**Instructions to follow:**
Each entry below is to be written out exactly, and the pictures are to be left out.

**Provided information:**

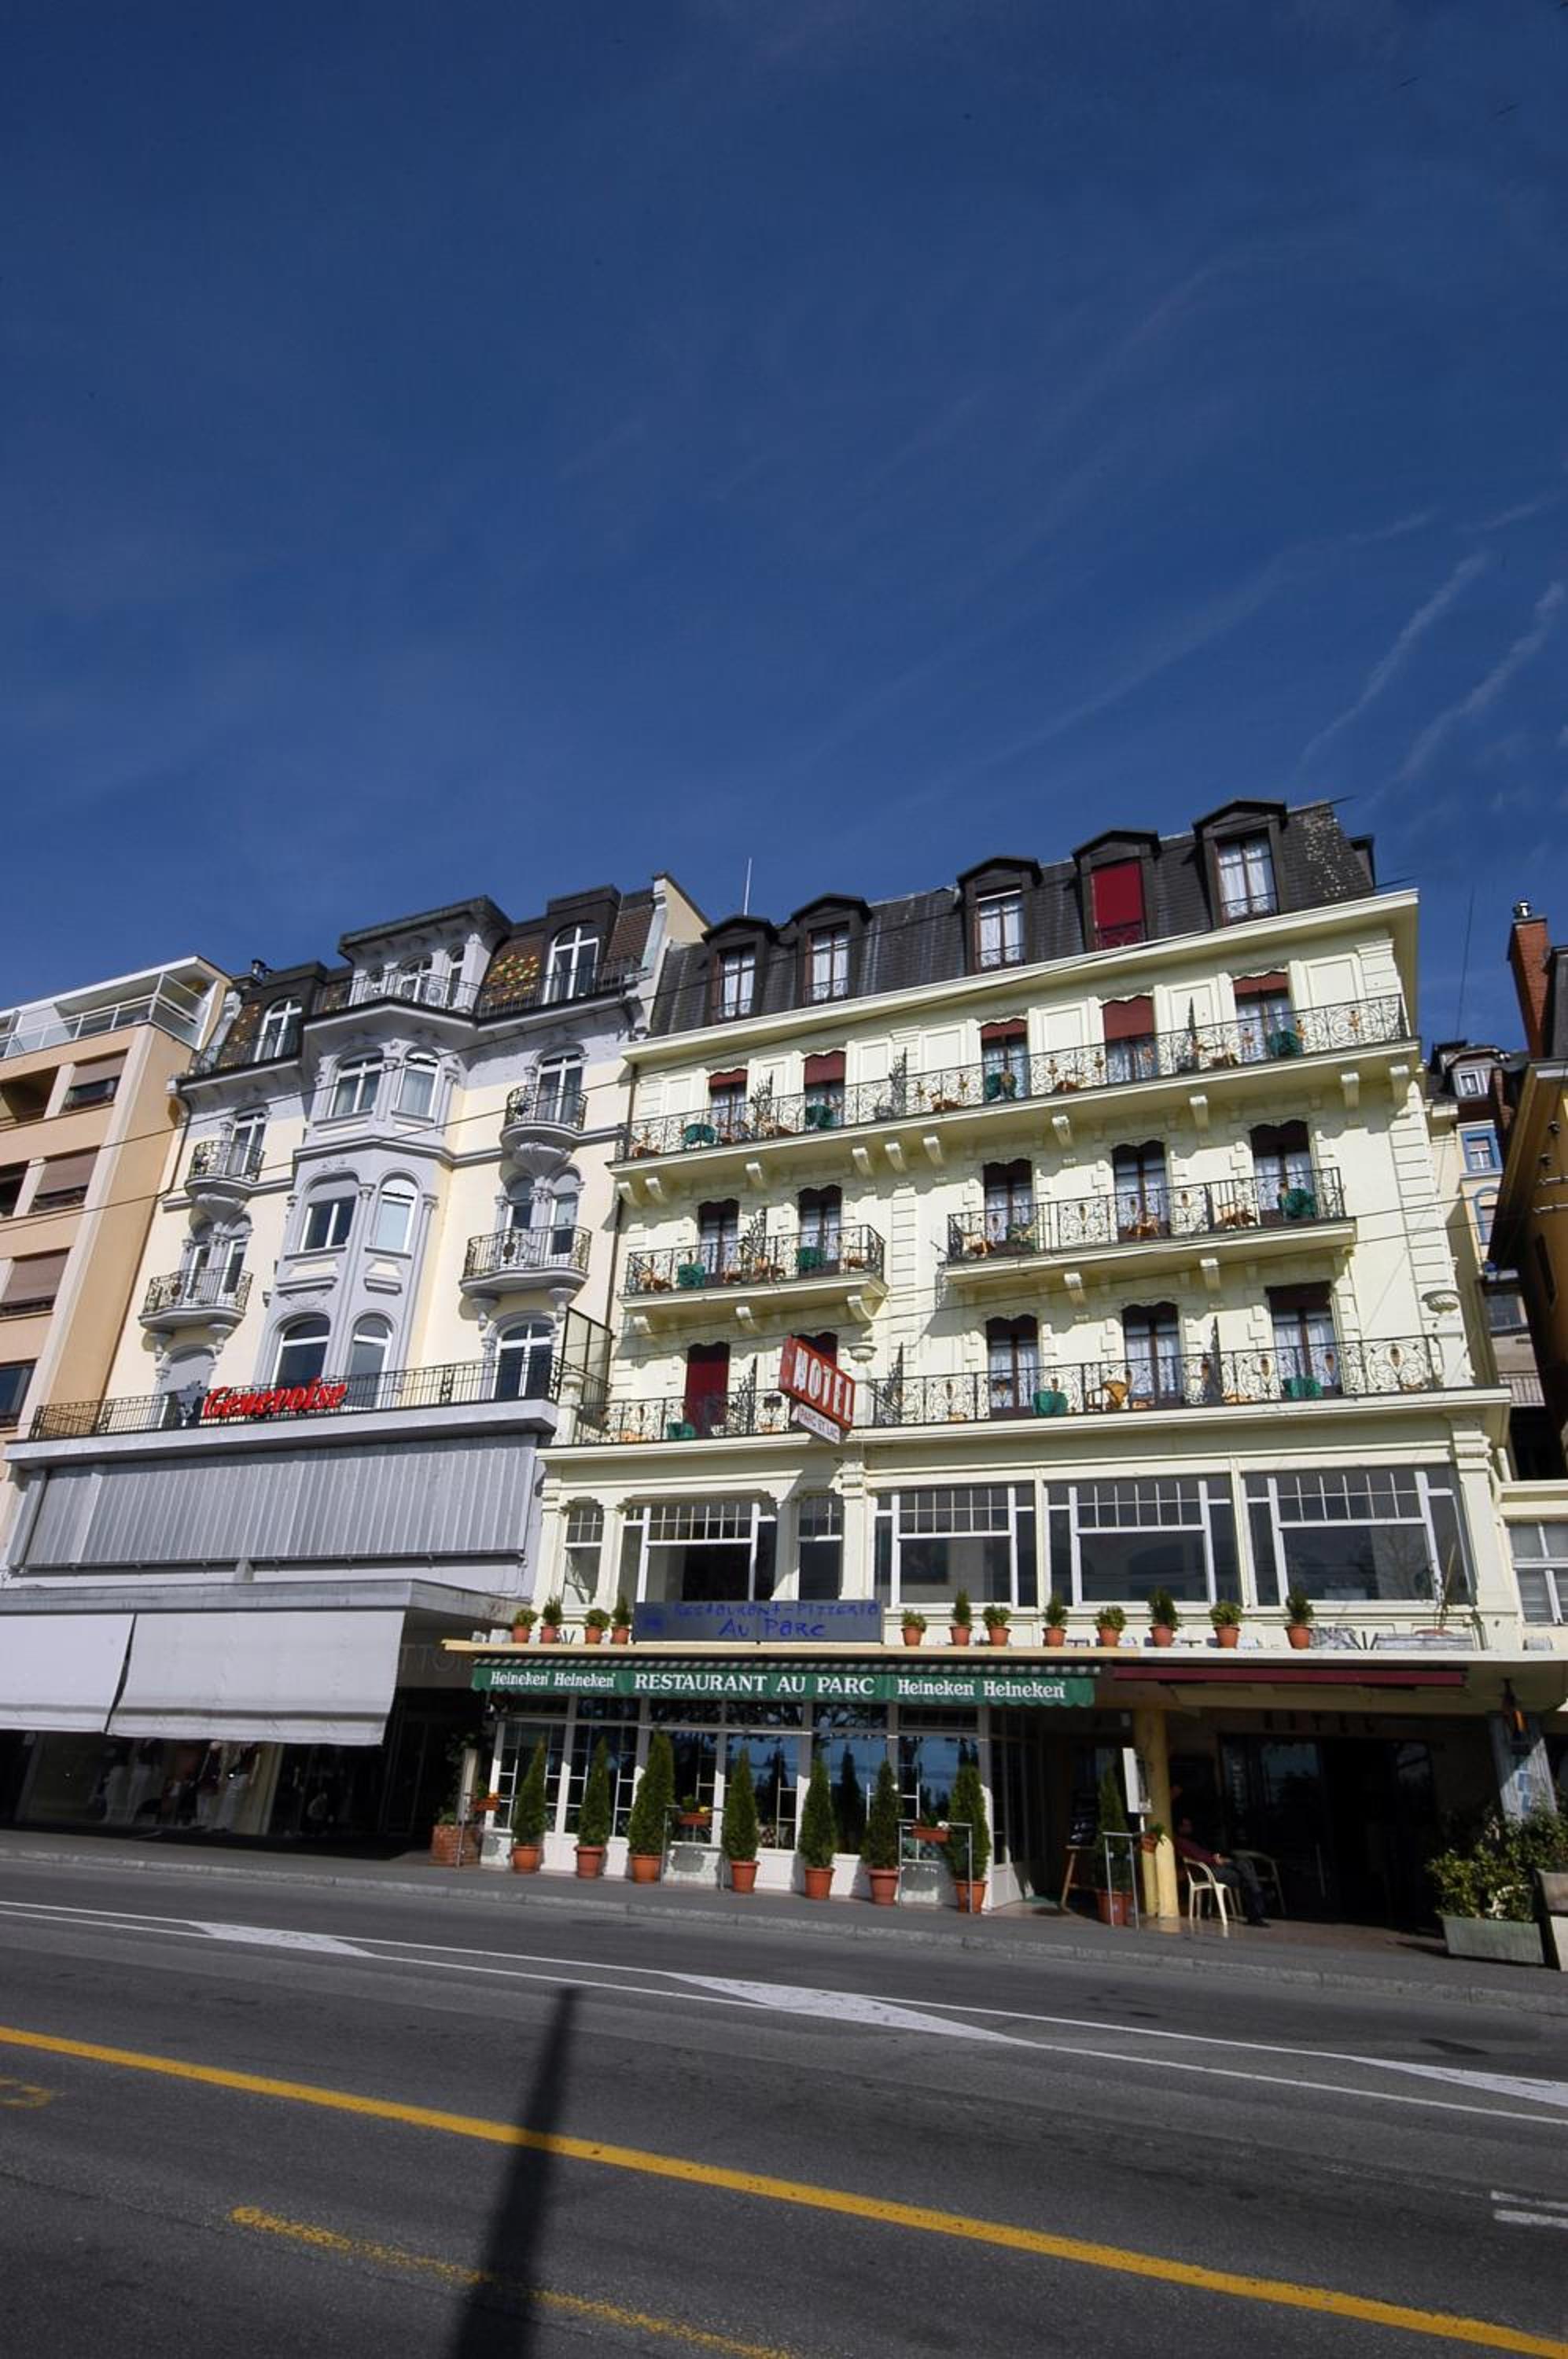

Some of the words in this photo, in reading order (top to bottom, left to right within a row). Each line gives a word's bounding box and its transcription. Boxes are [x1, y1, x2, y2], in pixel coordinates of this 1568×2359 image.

[202, 1377, 348, 1418] Genevoise
[793, 1346, 852, 1422] HOTEL
[490, 1670, 549, 1686] Heineken
[554, 1673, 615, 1688] Heineken
[634, 1673, 767, 1692] RESTAURANT
[776, 1676, 807, 1694] AU
[816, 1676, 875, 1695] PARC
[897, 1678, 975, 1696] Heineken
[983, 1680, 1066, 1699] Heineken
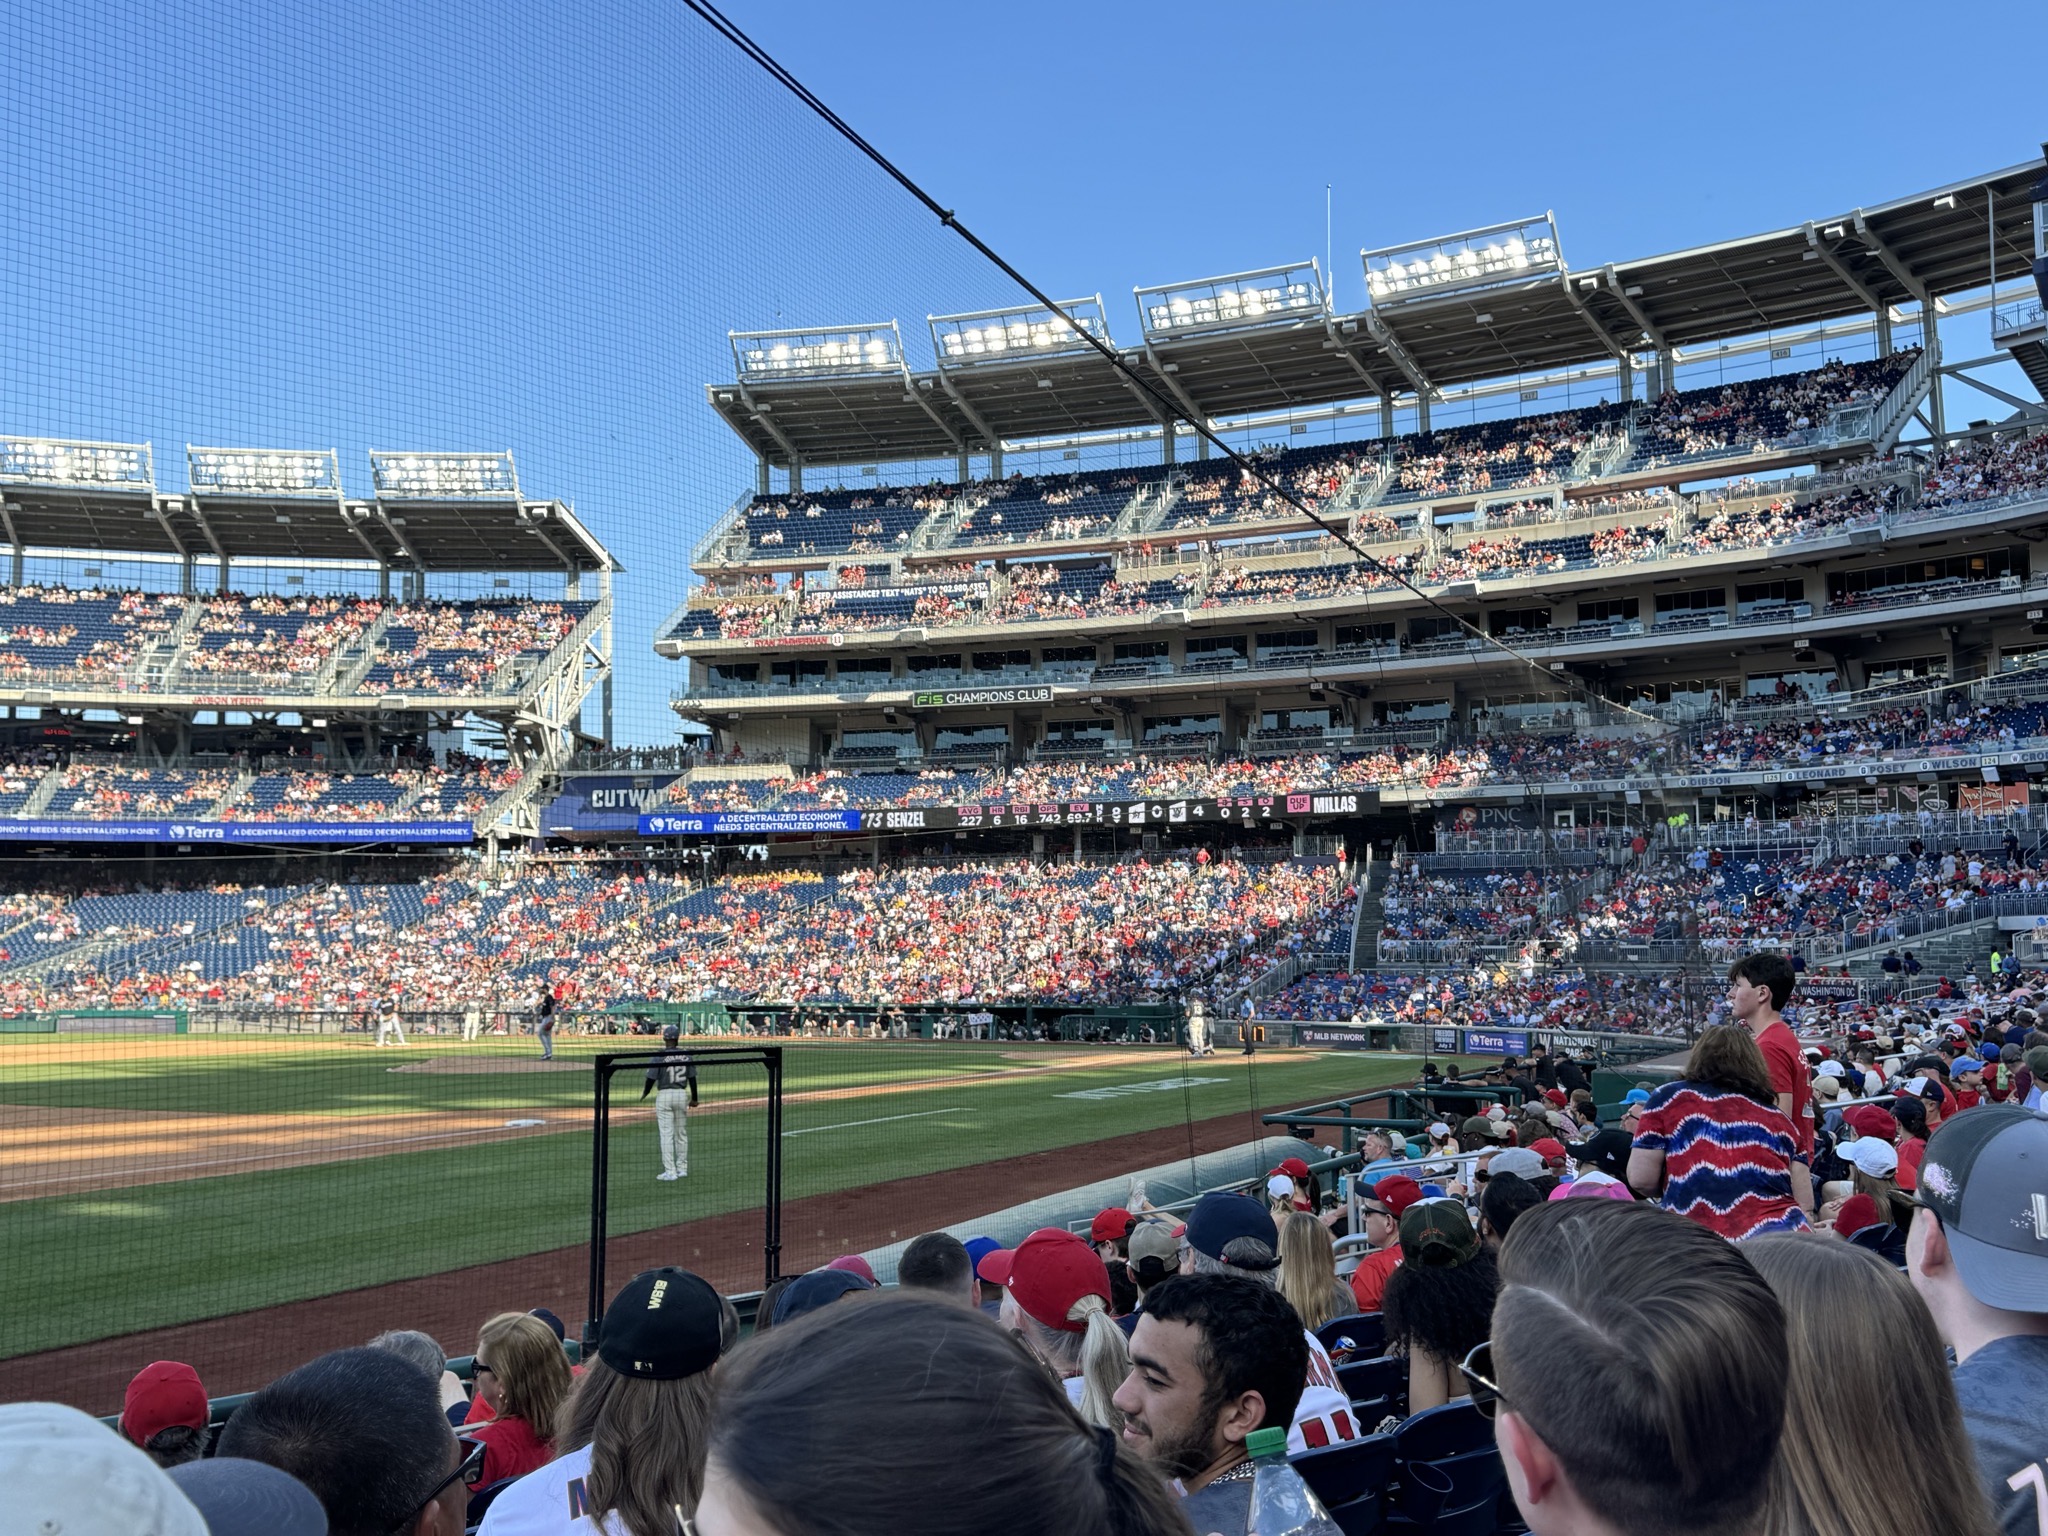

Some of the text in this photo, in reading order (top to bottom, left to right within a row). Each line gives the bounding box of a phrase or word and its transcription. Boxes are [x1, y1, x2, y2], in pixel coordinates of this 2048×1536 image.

[833, 589, 880, 600] ASSISTANCE?
[881, 588, 900, 597] TEXT
[927, 585, 938, 594] TO
[946, 689, 1014, 704] CHAMPIONS
[1017, 688, 1049, 700] CLUB
[1931, 758, 1977, 770] WILSON
[1984, 757, 1996, 765] 124
[1796, 768, 1846, 780] LEONARD
[1869, 763, 1908, 774] POSEY
[1581, 783, 1607, 792] BELL
[1690, 776, 1731, 787] GIBSON
[1435, 788, 1485, 799] RODRIGUEZ
[1289, 796, 1308, 804] DUE
[1292, 802, 1305, 810] UP
[1313, 795, 1357, 813] MILLAS
[960, 803, 1085, 815] AVG HR RBI OPS EV
[1192, 805, 1205, 817] 4
[1241, 807, 1251, 818] 2
[1261, 806, 1271, 817] 2
[1480, 807, 1522, 823] PNC
[719, 812, 843, 823] A DECENTRALIZED ECONOMY
[886, 810, 926, 828] SENZEL
[957, 811, 1092, 827] .227 6 16 .742 69.7
[664, 817, 703, 831] Terra
[713, 820, 849, 832] NEEDS DECENTRALIZED MONEY.
[30, 826, 58, 834] NEEDS
[59, 827, 128, 835] DECENTRALIZED
[130, 827, 160, 836] MONEY.
[185, 825, 225, 839] Terra
[232, 828, 469, 836] A DECENTRALIZED ECONOMY NEEDS DECENTRALIZED MONEY.
[1800, 986, 1844, 997] WASHINGTON
[1845, 988, 1855, 997] DC
[1314, 1032, 1330, 1041] MLB
[1330, 1033, 1366, 1042] NETWORK
[1480, 1035, 1504, 1047] Terra
[1553, 1036, 1598, 1048] NATIONALS
[665, 1065, 687, 1084] 12

**Response area:**
Some of the words in this photo, in reading order (top to bottom, left to right within a row). Each line gives a word's bounding box and its transcription. Boxes are [x1, y1, x2, y2], in pixel coordinates of this 1568×2359 image.

[202, 1377, 348, 1418] Genevoise
[793, 1346, 852, 1422] HOTEL
[490, 1670, 549, 1686] Heineken
[554, 1673, 615, 1688] Heineken
[634, 1673, 767, 1692] RESTAURANT
[776, 1676, 807, 1694] AU
[816, 1676, 875, 1695] PARC
[897, 1678, 975, 1696] Heineken
[983, 1680, 1066, 1699] Heineken

Some of the text in this photo, in reading order (top to bottom, left to right within a row). Each line gives the bounding box of a phrase or word and its transcription. Boxes are [x1, y1, x2, y2], in pixel coordinates of this 2048×1536 image.

[833, 589, 880, 600] ASSISTANCE?
[881, 588, 900, 597] TEXT
[927, 585, 938, 594] TO
[946, 689, 1014, 704] CHAMPIONS
[1017, 688, 1049, 700] CLUB
[1931, 758, 1977, 770] WILSON
[1984, 757, 1996, 765] 124
[1796, 768, 1846, 780] LEONARD
[1869, 763, 1908, 774] POSEY
[1581, 783, 1607, 792] BELL
[1690, 776, 1731, 787] GIBSON
[1435, 788, 1485, 799] RODRIGUEZ
[1289, 796, 1308, 804] DUE
[1292, 802, 1305, 810] UP
[1313, 795, 1357, 813] MILLAS
[960, 803, 1085, 815] AVG HR RBI OPS EV
[1192, 805, 1205, 817] 4
[1241, 807, 1251, 818] 2
[1261, 806, 1271, 817] 2
[1480, 807, 1522, 823] PNC
[719, 812, 843, 823] A DECENTRALIZED ECONOMY
[886, 810, 926, 828] SENZEL
[957, 811, 1092, 827] .227 6 16 .742 69.7
[664, 817, 703, 831] Terra
[713, 820, 849, 832] NEEDS DECENTRALIZED MONEY.
[30, 826, 58, 834] NEEDS
[59, 827, 128, 835] DECENTRALIZED
[130, 827, 160, 836] MONEY.
[185, 825, 225, 839] Terra
[232, 828, 469, 836] A DECENTRALIZED ECONOMY NEEDS DECENTRALIZED MONEY.
[1800, 986, 1844, 997] WASHINGTON
[1845, 988, 1855, 997] DC
[1314, 1032, 1330, 1041] MLB
[1330, 1033, 1366, 1042] NETWORK
[1480, 1035, 1504, 1047] Terra
[1553, 1036, 1598, 1048] NATIONALS
[665, 1065, 687, 1084] 12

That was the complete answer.